Court clears US airline over Concorde crash

French appeals court quashes 2010 verdict against Continental over blame for 2000 accident in which 113 died in Paris.

File photo of flames coming out from the Air France Concorde seconds before it crashed near Paris Roissy airport
The Concorde crash in July, 2000, left 113 people dead and helped to spell the end of the supersonic airliner [Reuters]

A French appeals court overturned manslaughter convictions against Continental Airlines and a mechanic for the July 2000 crash of an Air France Concorde that killed 113 people, ruling that their mistakes did not make them legally responsible for the deaths.

The crash hastened the end for the already-faltering supersonic Concorde, synonymous with high-tech luxury but a commercial failure.

The programme, jointly operated by Air France and British Airways, was taken out of service in 2003.

In the accident, which occurred on July 25, 2000, the jet crashed into a hotel near Paris’ Charles de Gaulle airport soon after taking off, killing all 109 people aboard and four on the ground.

Most of the victims were Germans heading to a cruise in the Caribbean.

A mistake made weeks earlier and thousands of miles away by a Continental mechanic in Houston played a crucial role in the crash, the court found on Thursday.

According to the original ruling, the mechanic fitted the wrong metal strip on a Continental DC-10.

The piece ultimately fell off on the runway in Paris, puncturing the Concorde’s tyre.

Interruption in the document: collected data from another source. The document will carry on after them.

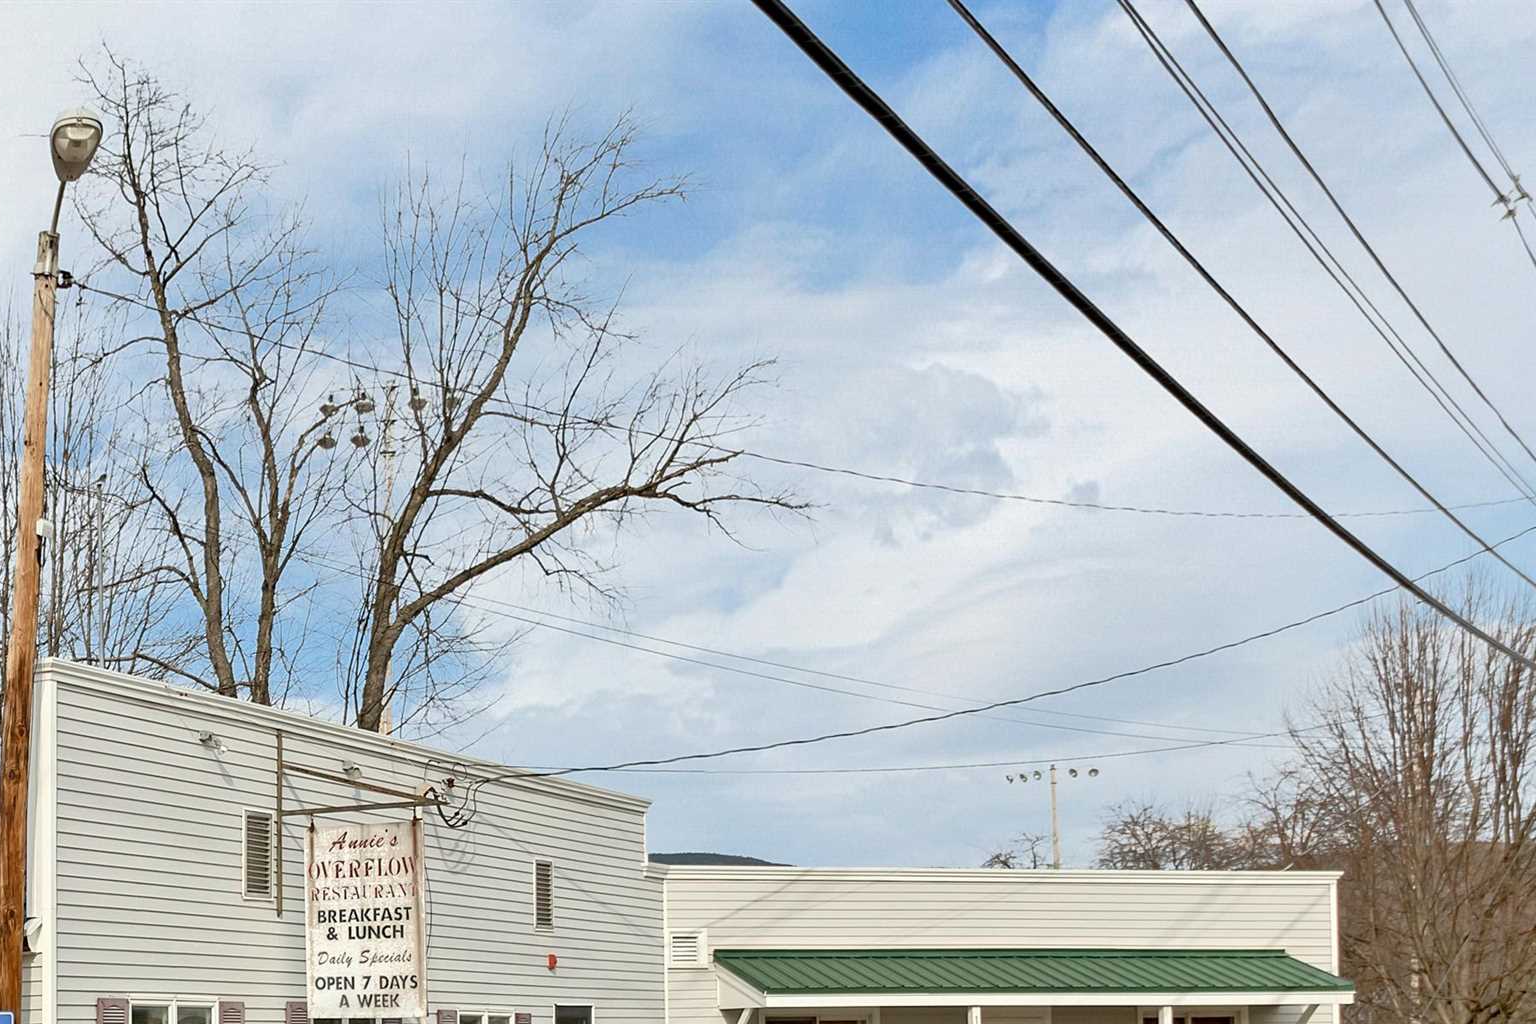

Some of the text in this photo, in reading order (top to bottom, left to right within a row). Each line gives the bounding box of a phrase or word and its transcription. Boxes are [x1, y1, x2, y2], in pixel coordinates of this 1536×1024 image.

[329, 829, 398, 852] Annie's
[308, 856, 418, 879] OVERFLOW
[311, 883, 417, 901] RESTAURANT
[317, 907, 412, 923] BREAKFAST
[326, 925, 404, 940] & LUNCH
[317, 949, 412, 968] Daily Specials
[315, 975, 418, 990] OPEN 7 DAYS
[339, 994, 400, 1008] A WEEK
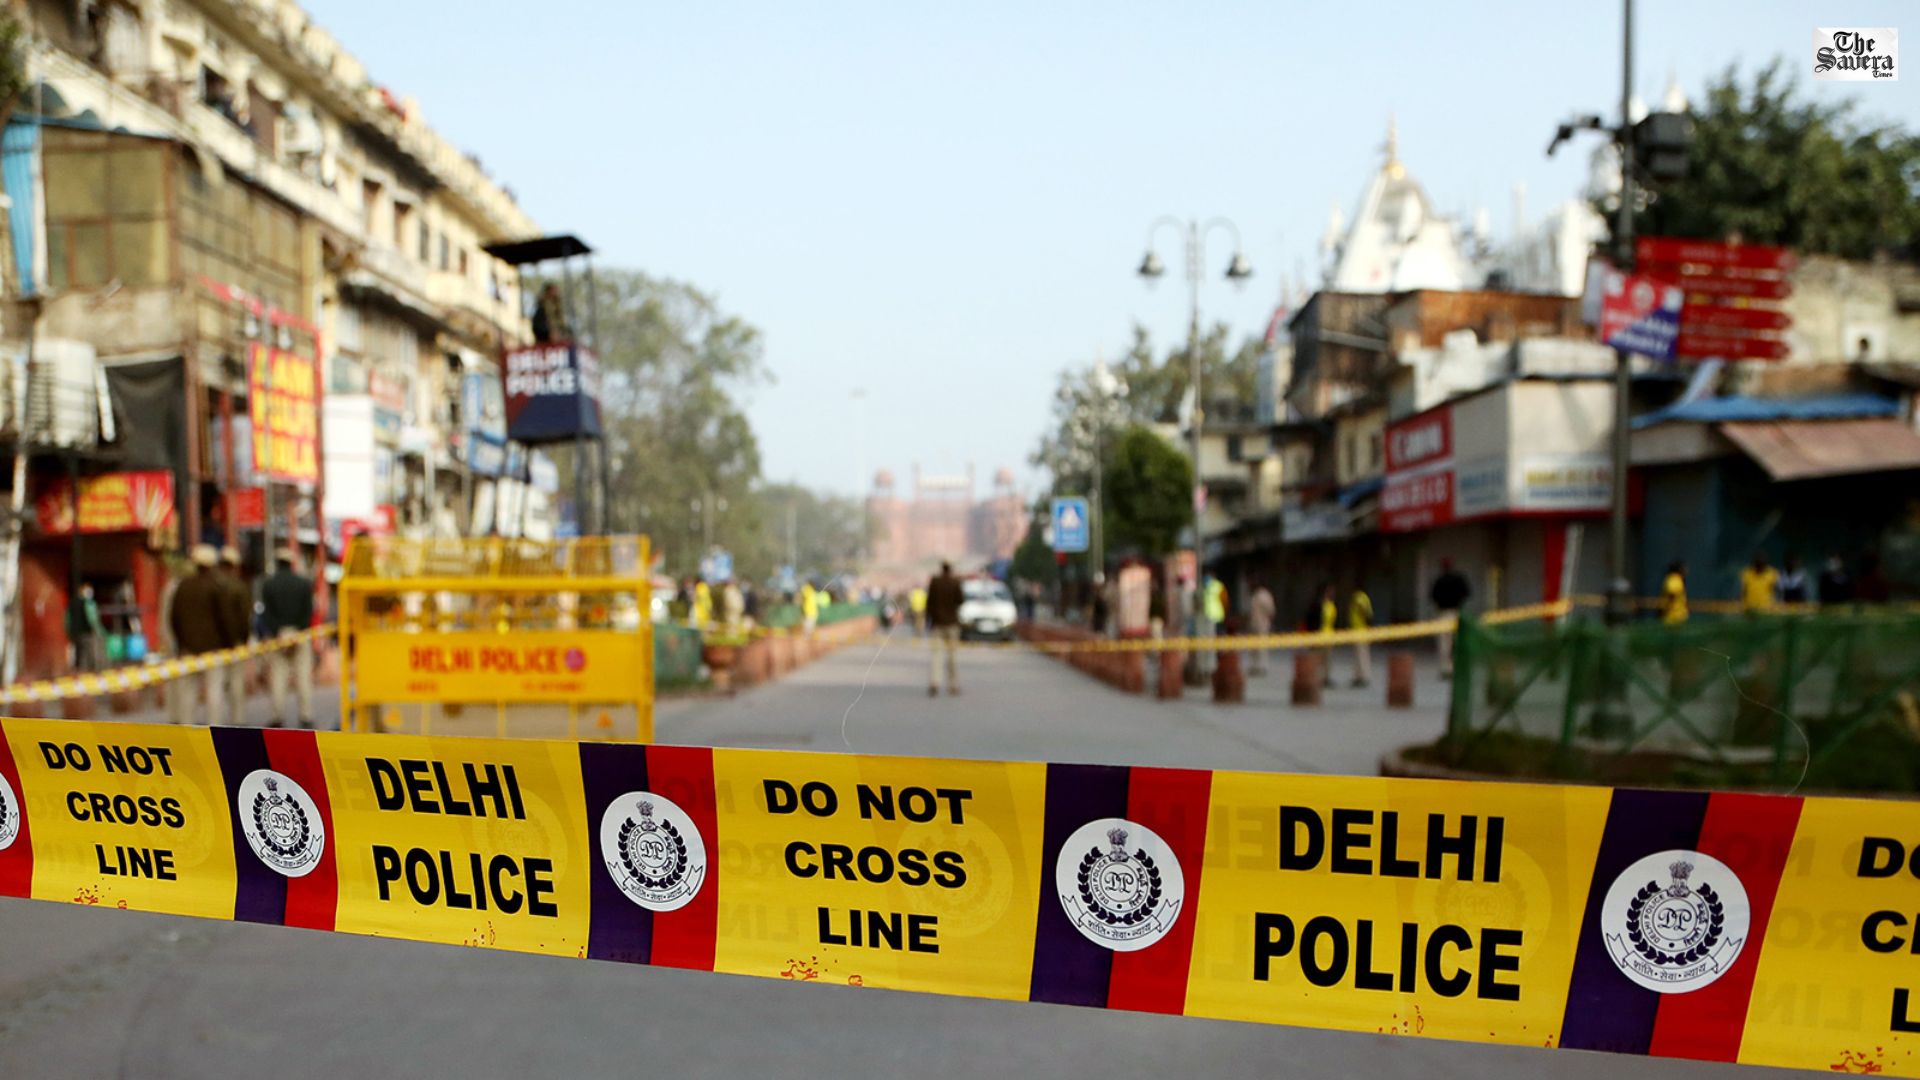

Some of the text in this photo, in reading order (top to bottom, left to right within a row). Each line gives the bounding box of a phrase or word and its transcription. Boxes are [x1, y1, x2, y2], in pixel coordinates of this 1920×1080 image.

[506, 367, 576, 398] POLICE
[410, 646, 559, 675] DELHI POLICE
[38, 741, 173, 776] DO NOT
[66, 791, 185, 829] CROSS
[365, 757, 526, 820] DELHI
[763, 779, 972, 825] DO NOT
[95, 844, 177, 881] LINE
[785, 842, 967, 889] CROSS
[1279, 806, 1505, 883] DELHI
[372, 845, 558, 918] POLICE
[818, 907, 939, 954] LINE
[1861, 910, 1920, 955] C
[1253, 912, 1523, 1001] POLICE

The burst tyre sent bits of rubber into the fuel tanks, which started the fire that brought down the plane.

But the Concorde’s design left it vulnerable to shock, according to judicial investigators who said officials had known about the problem for more than 20 years.

The lower court ruled that though French officials had missed opportunities to improve the Concorde over the years, they could “be accused of no serious misconduct”.

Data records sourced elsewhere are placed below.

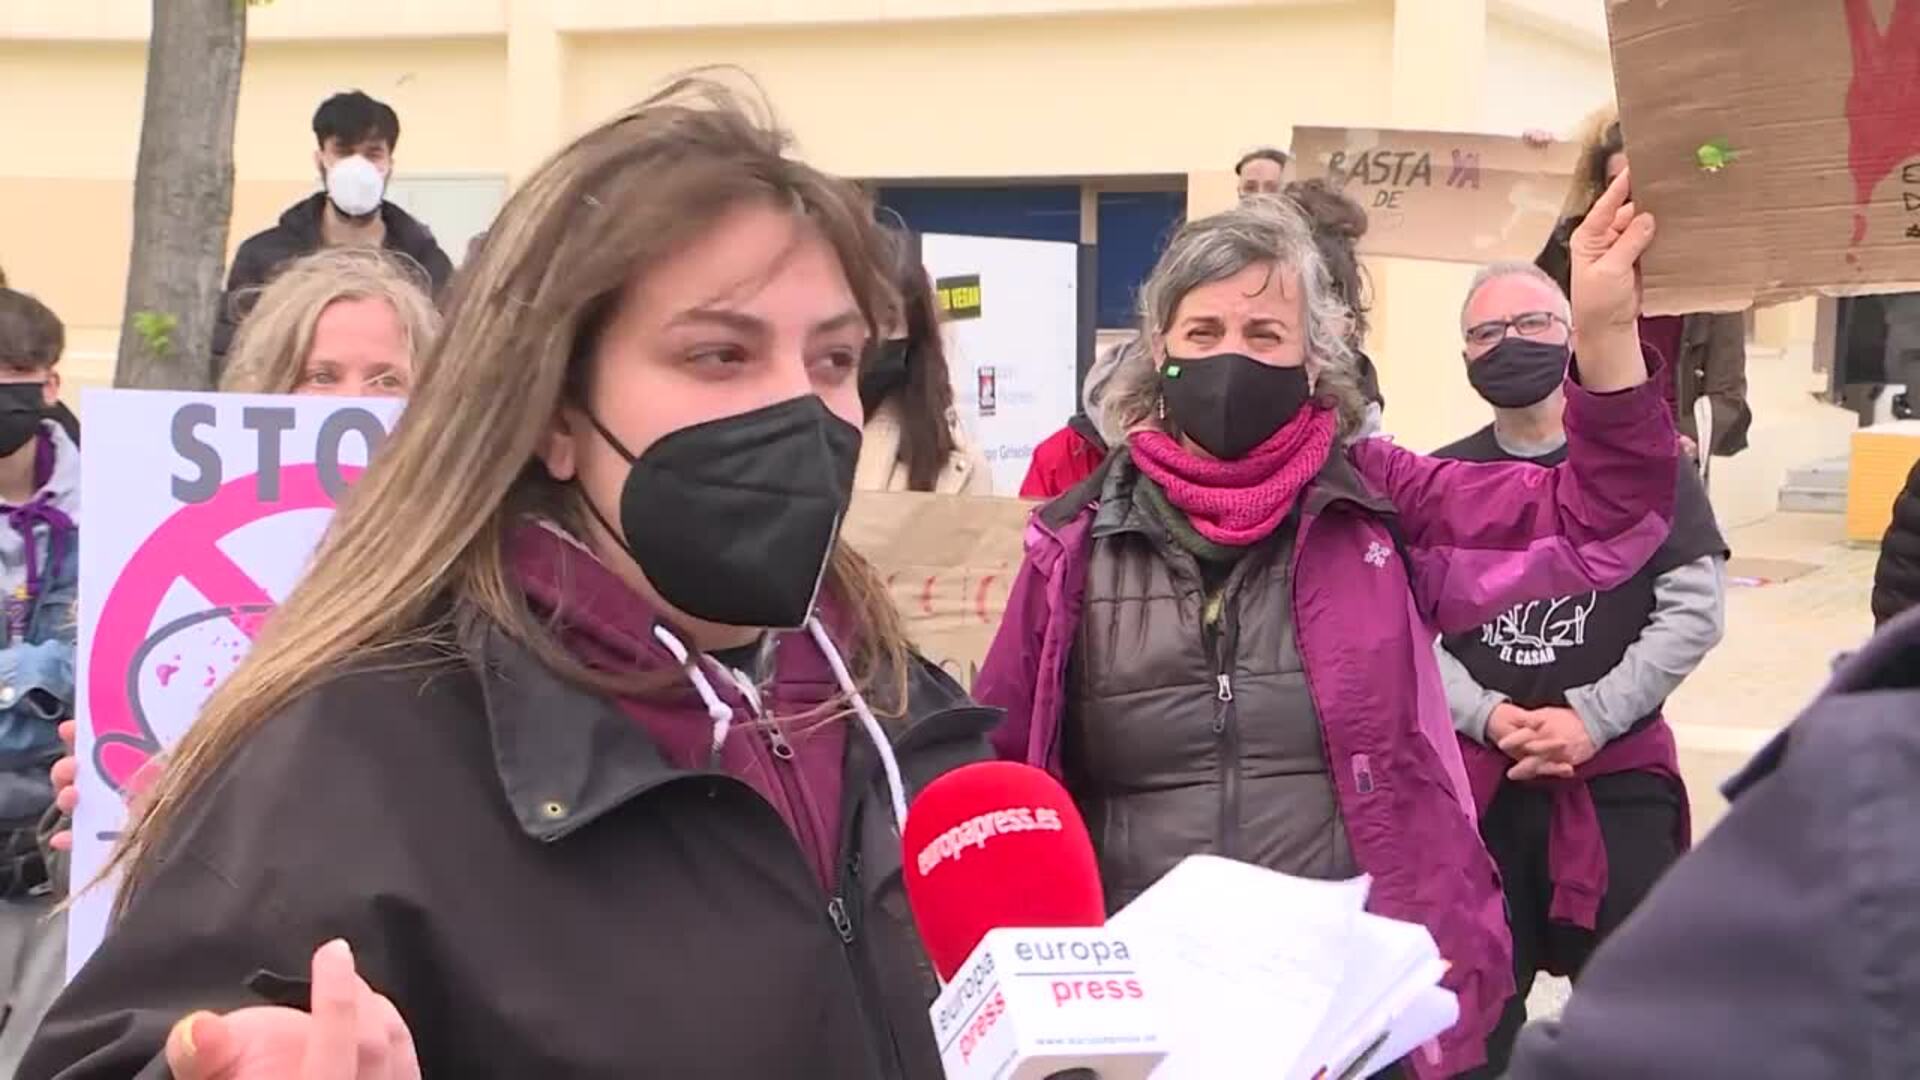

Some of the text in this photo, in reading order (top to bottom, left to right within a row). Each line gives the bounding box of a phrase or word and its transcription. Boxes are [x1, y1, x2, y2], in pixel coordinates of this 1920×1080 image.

[1328, 151, 1432, 187] BASTA
[1371, 189, 1404, 209] DE
[170, 402, 389, 505] STO
[1515, 647, 1556, 665] CASAR
[917, 807, 1062, 876] europapress.es
[1015, 938, 1131, 966] europa
[939, 952, 995, 1031] europa
[1052, 979, 1144, 1008] press
[960, 992, 1005, 1065] press

Stephane Gicquel, head of a group of victims’ families, said Thursday’s ruling left them with “a sense of powerlessness.”

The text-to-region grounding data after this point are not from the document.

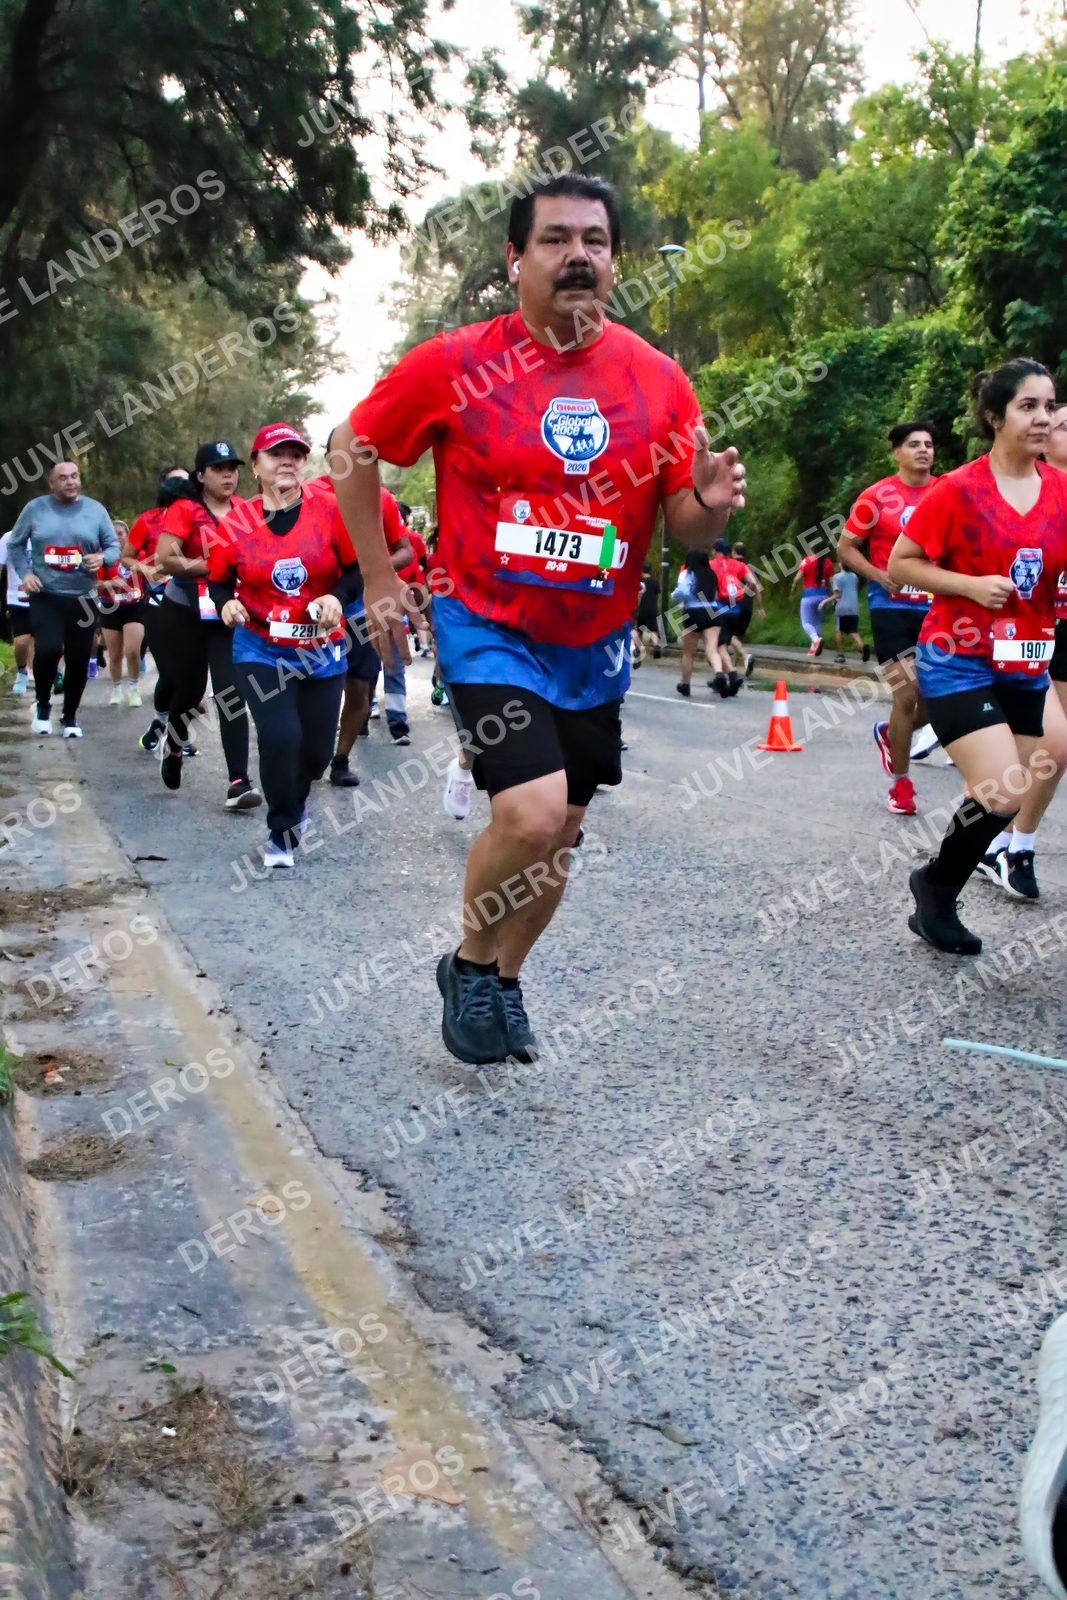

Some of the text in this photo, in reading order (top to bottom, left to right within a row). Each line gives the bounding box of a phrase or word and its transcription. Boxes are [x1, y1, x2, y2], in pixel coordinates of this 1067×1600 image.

[558, 415, 592, 427] Global
[552, 424, 580, 436] Race
[566, 463, 588, 472] 2026
[535, 530, 582, 560] 1473
[291, 624, 318, 638] 2291
[1020, 642, 1047, 659] 1907

“The court explained to us that that plane was not supposed to fly, that the system was not perfect in France to assure the airline security and the court doesn’t conclude anything but a general discharge,” Gicquel said.

Parties including Air France and Continental compensated the families of most victims years ago, so financial claims were not the trial’s focus, the main goal was to assign responsibility.

“The lawyer said the original trial had been subjected to political meddling,” Al Jazeera’s Jacky Rowland, reporting from Paris, said following a news conference by the airline’s lawyer.

In France, unlike in many other countries, plane crashes routinely lead to trials to assign criminal responsibility, cases that often drag on for years.

At the time it was launched, the Concorde supersonic jet was the height of luxury, flying between New York and the European capitals of London and Paris in less than four hours, instead of a standard flight of over seven hours.

Flying west, British Airways boasted, the flight’s well-heeled travellers could effectively arrive at their destinations before they left.

In the years it took French judicial investigators to work their way to trial, amassing 80-thousand pages of court documents, the Concordes were revamped, retired and finally sent to museums.